5 de setembro de 2017

Das De(re)sistências



das poucas certezas que ainda me restam, 
do que em mim ainda é inteiro -

     porque 
   sou, quebrando pelos cantos, 
         carcomendo
              aos poucos, 
                  um alguém esmigalhado; 

caminhando em direção ao profundo
incompleto, sou grato -

eu 
abro mão.


em qualquer lugar do mundo - 

  porque eu 
  nasci para ser apátrida; quando eu tinha
           dezoito anos e fui me alistar no exército,
           o coronel viu meu desapego, das coisas 
           que há para se apegar, nos olhos, e me
                              dispensou - 

me sento, suspiro fundo e,
com o que eu imagino ser um choro
engasgado prestes a ser engolido,

eu me rendo,

apático - ou às vezes, porque
eu tenho gosto pelo drama, me rendo
e desabo.

dias longos. a gente senta e fantasia:
"qual o próximo plano? para onde vamos
agora?" - eu realmente não sei. às vezes eu passo um tempo sem saber.

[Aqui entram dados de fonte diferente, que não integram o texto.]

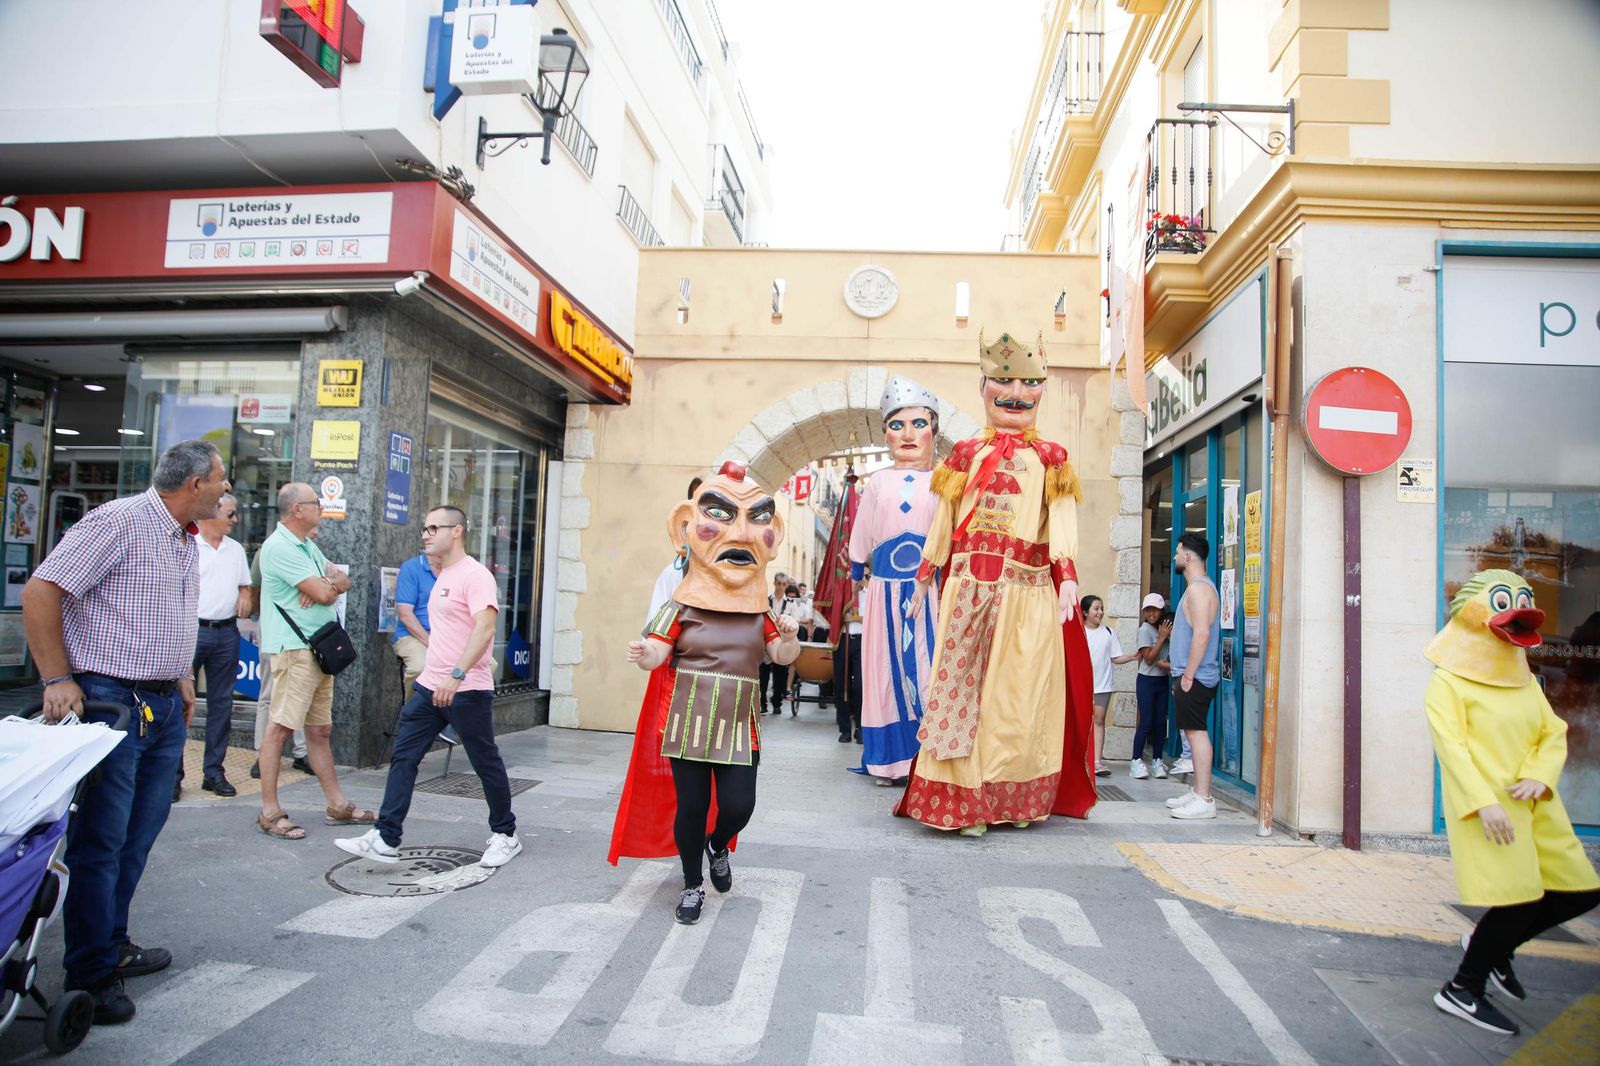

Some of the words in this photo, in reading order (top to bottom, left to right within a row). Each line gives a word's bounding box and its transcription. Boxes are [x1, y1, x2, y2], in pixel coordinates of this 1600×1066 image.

[229, 200, 281, 213] Loterías
[285, 202, 293, 214] y
[229, 215, 288, 229] Apuestas
[291, 213, 311, 225] del
[315, 212, 360, 225] Estado
[0, 195, 85, 262] ÓN
[480, 251, 504, 277] Apuestas
[505, 271, 513, 284] del
[513, 277, 529, 297] Estado
[1540, 302, 1600, 347] p
[314, 461, 336, 469] Punto
[514, 650, 530, 665] DIGI
[413, 861, 1168, 1066] STOP
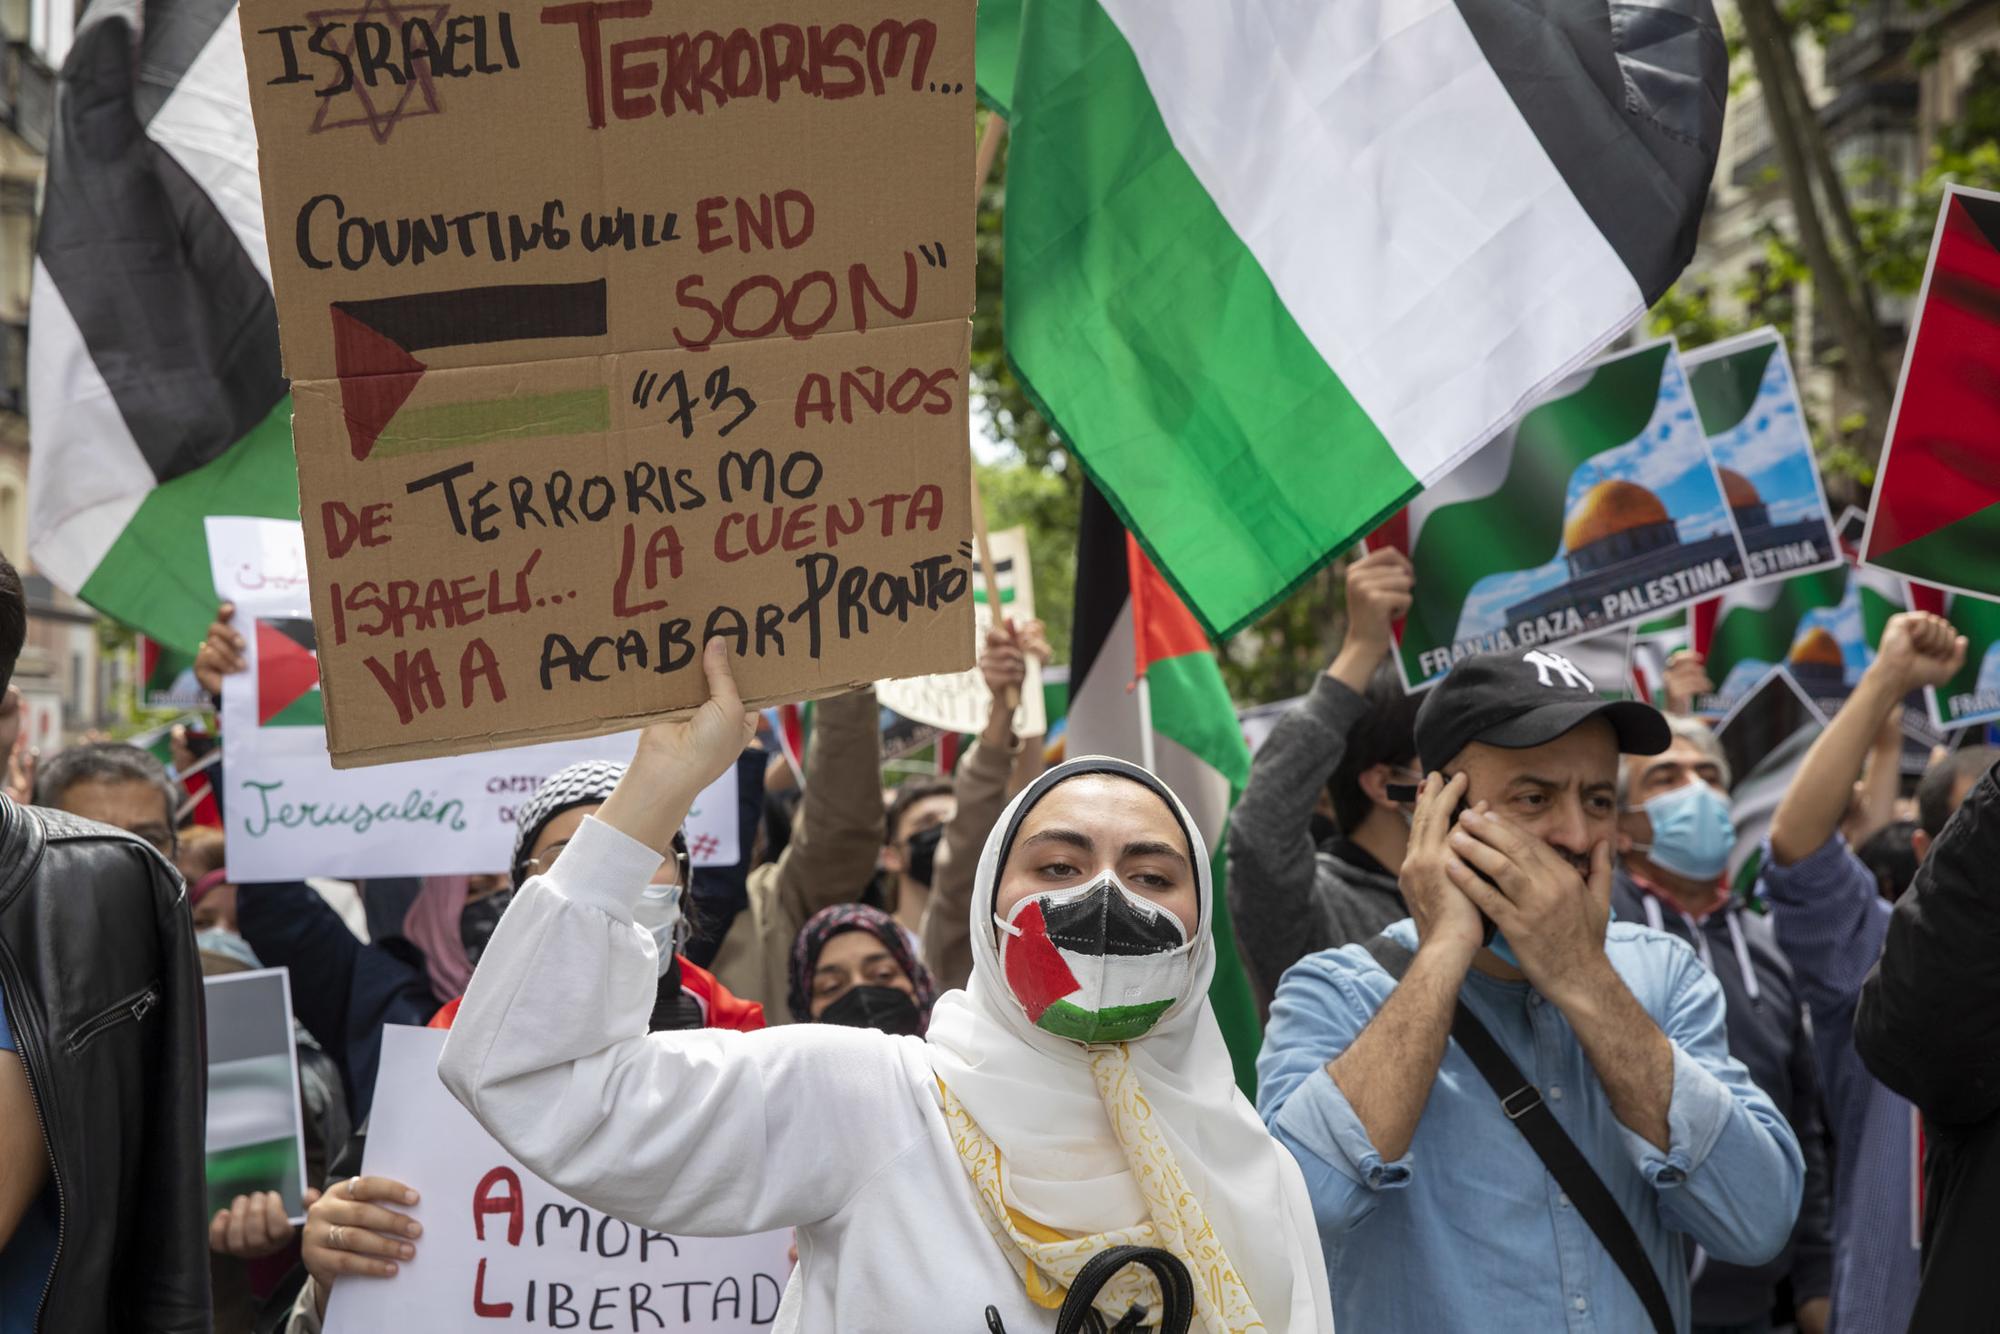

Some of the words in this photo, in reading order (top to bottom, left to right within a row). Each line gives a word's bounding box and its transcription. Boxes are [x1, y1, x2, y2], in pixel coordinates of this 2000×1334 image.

deito, com os olhos meio mortos - porque eu desisto e morro um pouco - sem saber.

às vezes até choro,
querendo respostas, querendo tudo e, quando me é concedido um desejo (qualquer um mesmo), quero mais um tempo para poder pensar,
para me dar o poder da escolha e, no final, acabar com as mãos cheias de poeira 

- porque o tempo é voraz e o meu querer é, inversamente, uma fera mansa quando arreganha a boca para se satisfazer.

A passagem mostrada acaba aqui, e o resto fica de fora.